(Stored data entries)
- Opening Delimiter -
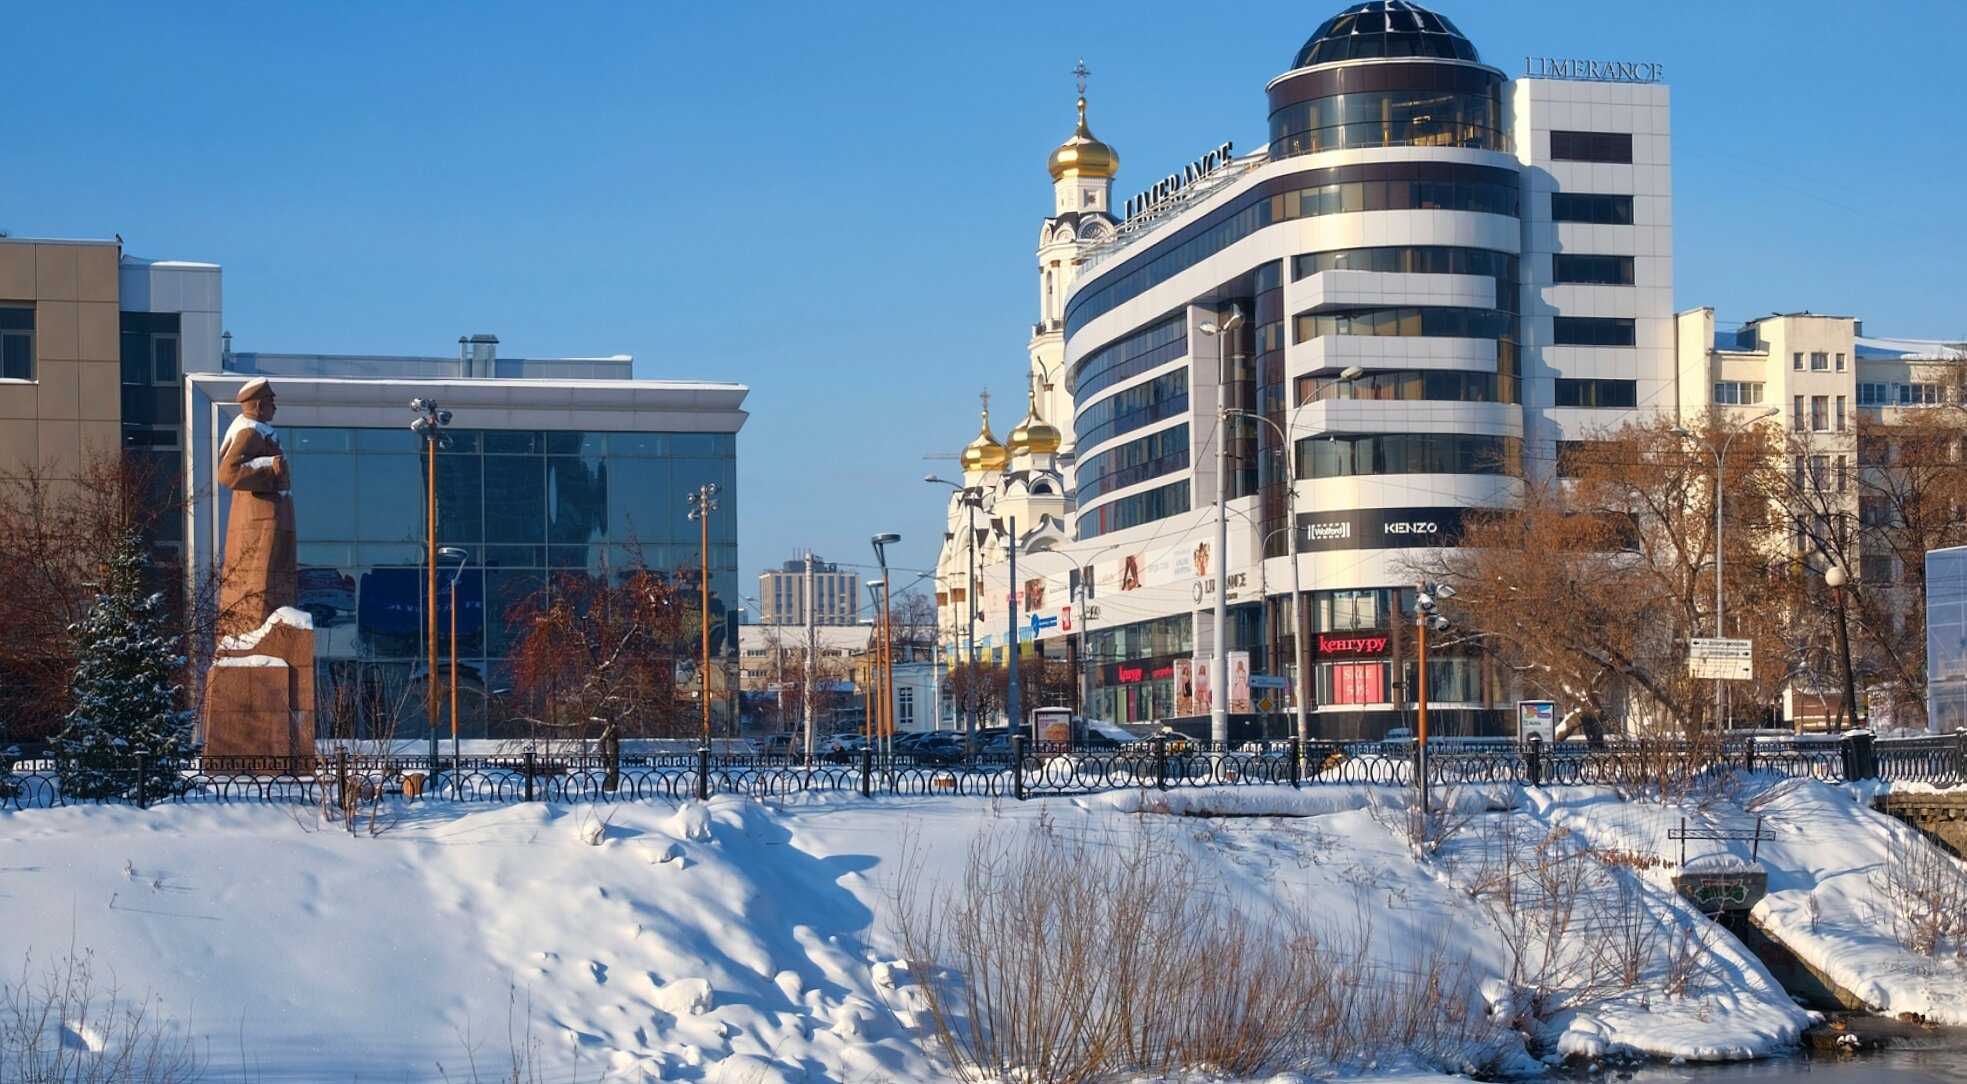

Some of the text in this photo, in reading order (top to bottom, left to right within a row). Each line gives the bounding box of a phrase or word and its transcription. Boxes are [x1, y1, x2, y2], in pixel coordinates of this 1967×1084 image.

[1526, 56, 1664, 81] LIMERANCE
[1124, 141, 1233, 232] LIMERANCE
[1384, 522, 1438, 534] KENZO
[1319, 635, 1388, 653] кенгуру
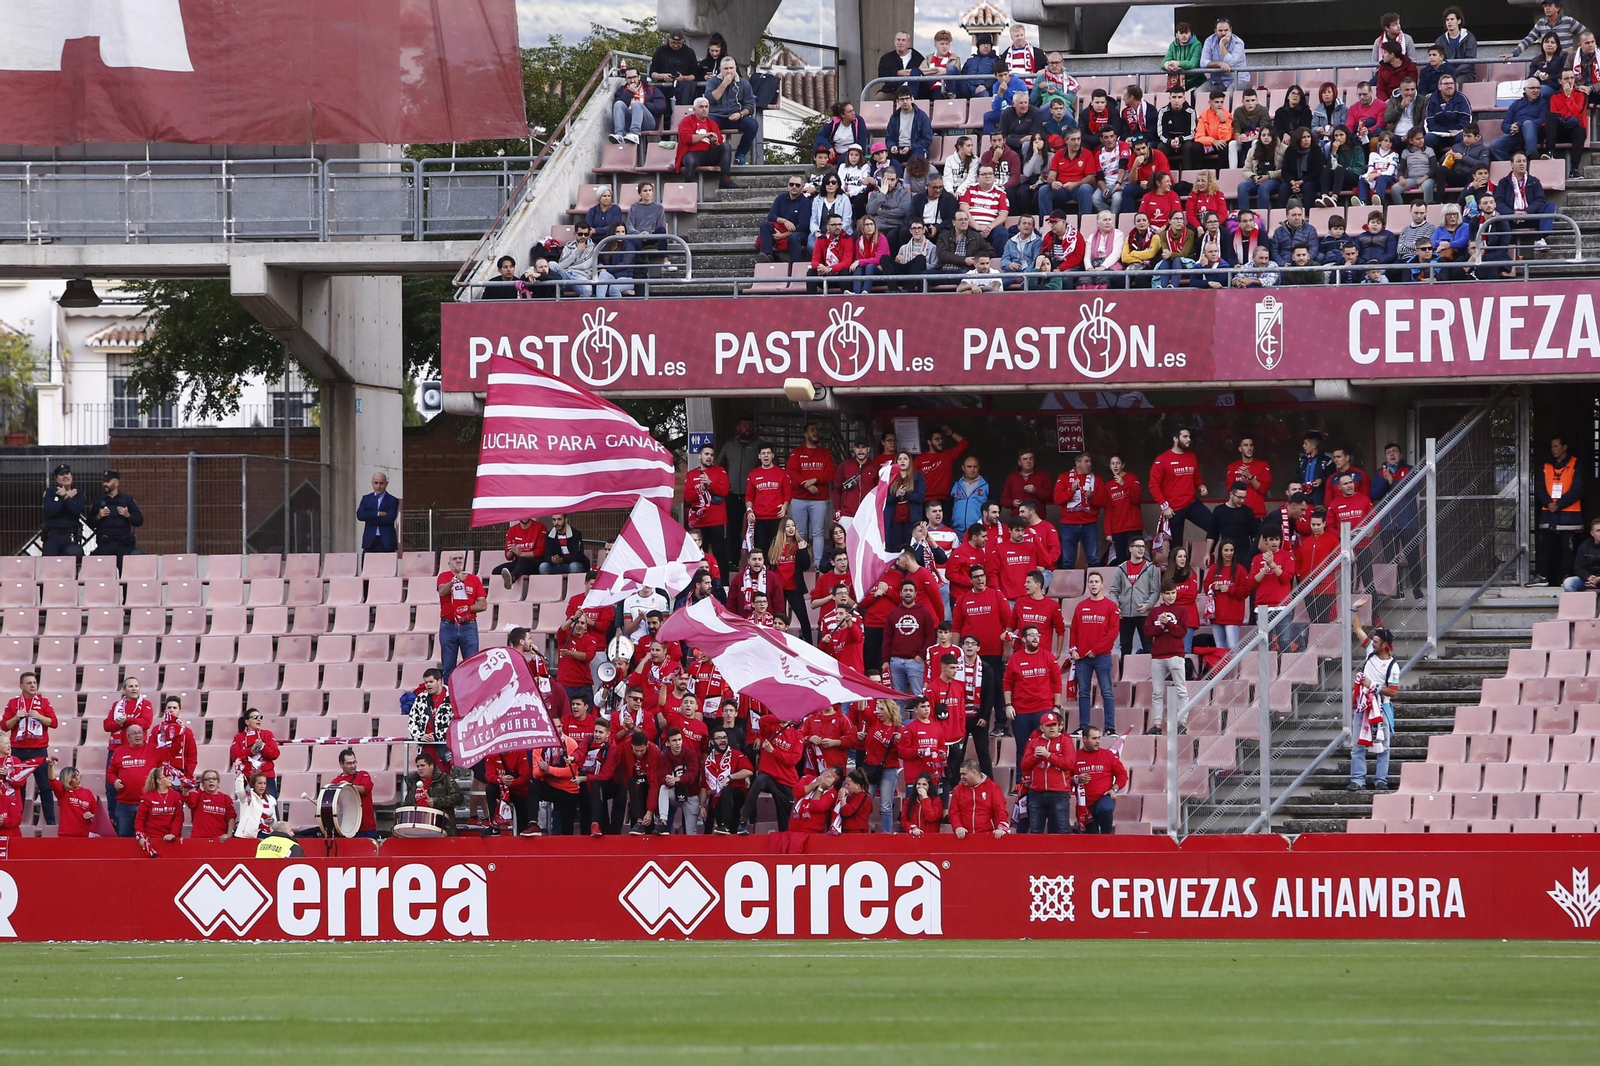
- Closing Delimiter -
▶ Task item
Copy each line above exactly. Images do not belong in the copy.

▶ Solved exercise
Some of the text in this photo, in reading order (top to bottom, left to right within a row). Each line gives the bounding box of a phrase or word and its transcription. Boxes are [x1, y1, x2, y2], in pixel coordinates of this 1967×1084 image.

[1526, 56, 1664, 81] LIMERANCE
[1124, 141, 1233, 232] LIMERANCE
[1384, 522, 1438, 534] KENZO
[1319, 635, 1388, 653] кенгуру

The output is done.